Photo by Alex Wong/Getty Images.

The suggestion that President Obama's reelection team will try to use Mitt Romney's Mormon faith against him is "utter nonsense," the chairwoman of the Democratic National Committee said this week.

"That is just preposterous," Rep. Debbie Wasserman Schultz said in an interview with MSNBC on Wednesday when asked about recent comments from Republican Sen. Orrin Hatch, a Mormon himself, who suggested Tuesday that the president's reelection team is "going to throw the Mormon church at [Romney] like you can't believe."

"That suggestion is utter nonsense. Let’s remember that President Obama has had so many things hurled at him—birth certificate questions, whether he is or is not a Christian," Wasserman continued (via Politico). "For them to suggest that religion will be injected [into the election] by President Obama and the Democratic Party, I mean, I think they need to take a look inward at the accusations that their party and their supporters have hurled before they take that step."

Far be it from us to predict events in a political campaign, but Schultz may be right, just not for the reasons she stated. According to a Pew report on Mormons in America, Evangelical Christians—a key base of the Republican party—are significantly more skeptical of Mormonism than the general population: two-thirds of Americans identify Mormonism as Christian, but only half of Evangelicals do, for instance. In other words, Romney's faith was most likely more of a vulnerability in the GOP primary, where he faces rivals who are more appealing to conservative Evangelicals, than it would be in the general election.
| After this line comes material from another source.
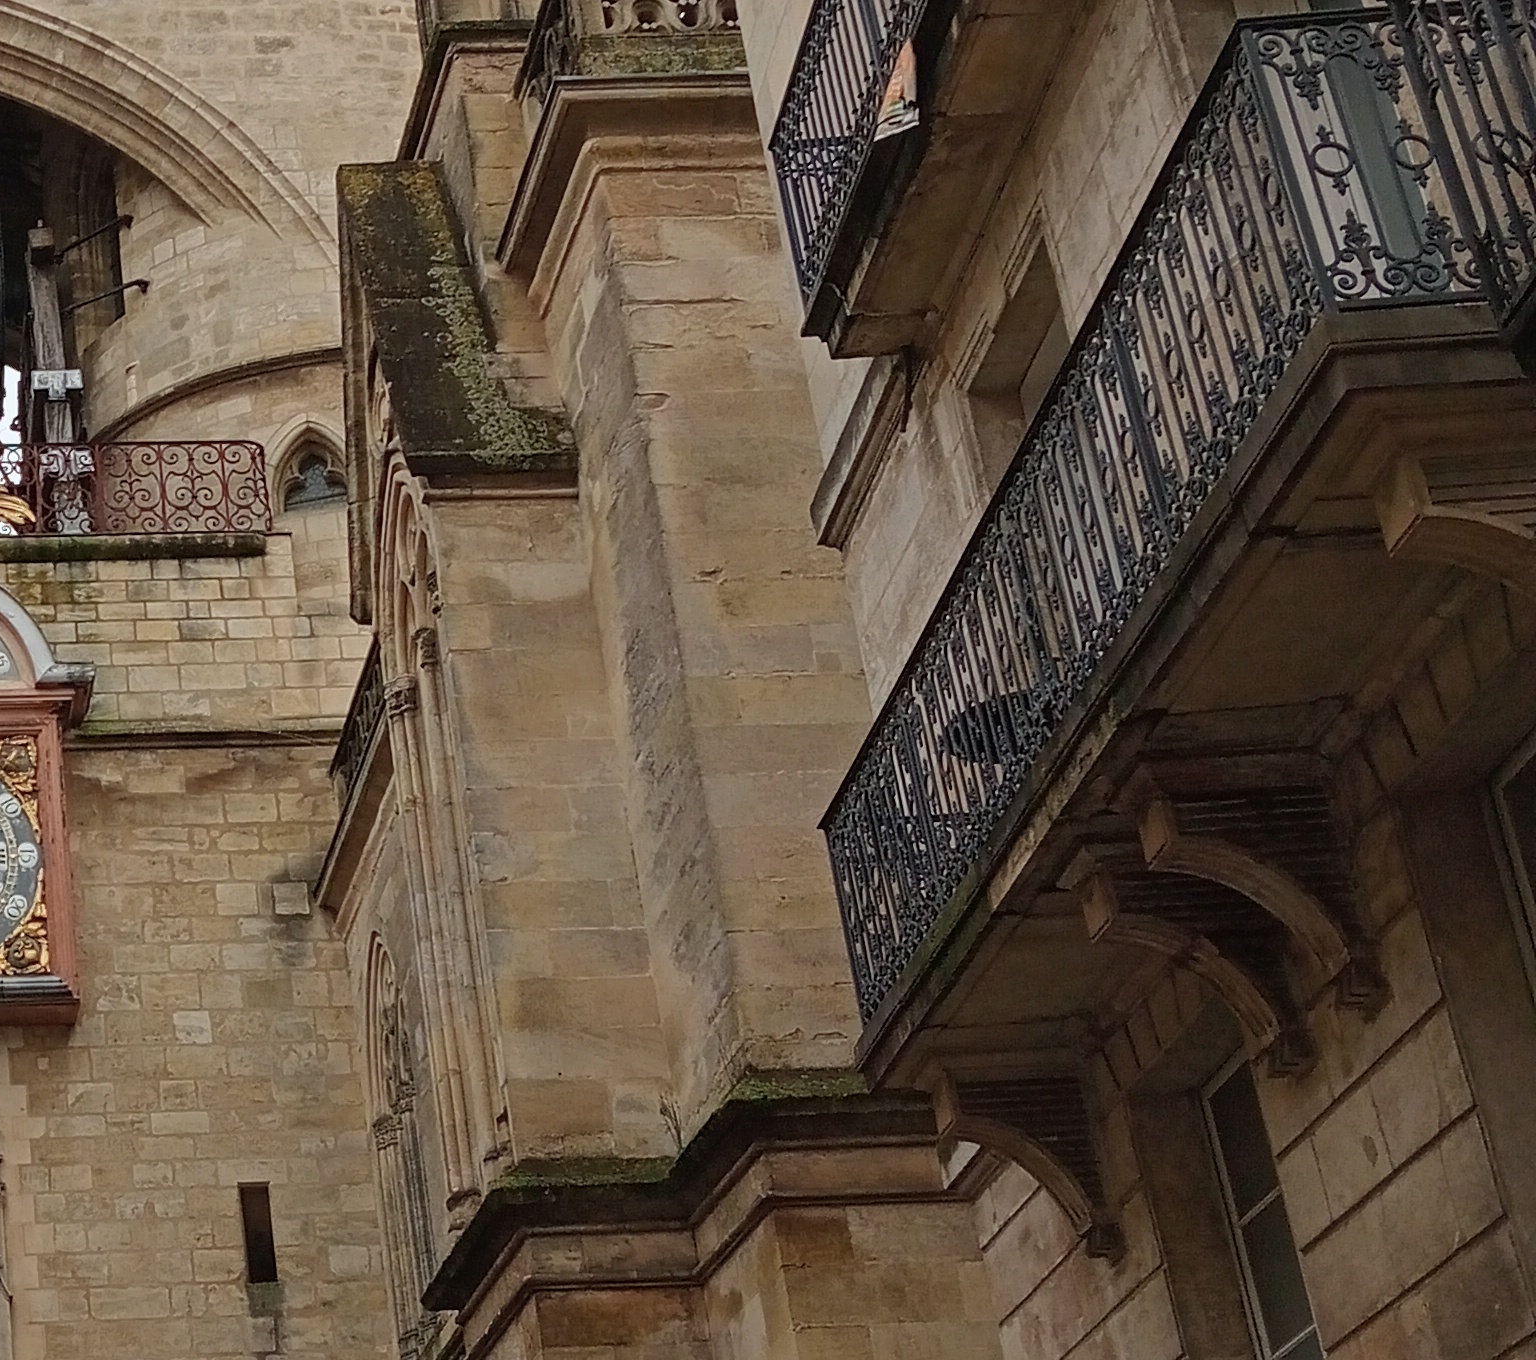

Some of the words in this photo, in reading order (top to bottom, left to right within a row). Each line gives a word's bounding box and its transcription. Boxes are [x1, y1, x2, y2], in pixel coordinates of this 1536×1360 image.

[2, 796, 20, 814] 10
[19, 848, 35, 866] 15
[7, 899, 26, 919] 20
Romney, however, has already faced one pointed attack about his Mormonism this week, and it's not out the question that he will face more in the coming months, regardless of where they originate. On Monday, as CNN reports, a Ron Paul supporter confronted Romney with a passage from Mormon scripture that disparages darker skin, and asked the candidate "I guess my question is, do you believe it's a sin for a white man to marry and procreate with a black?" Romney replied with a terse "No. Next question."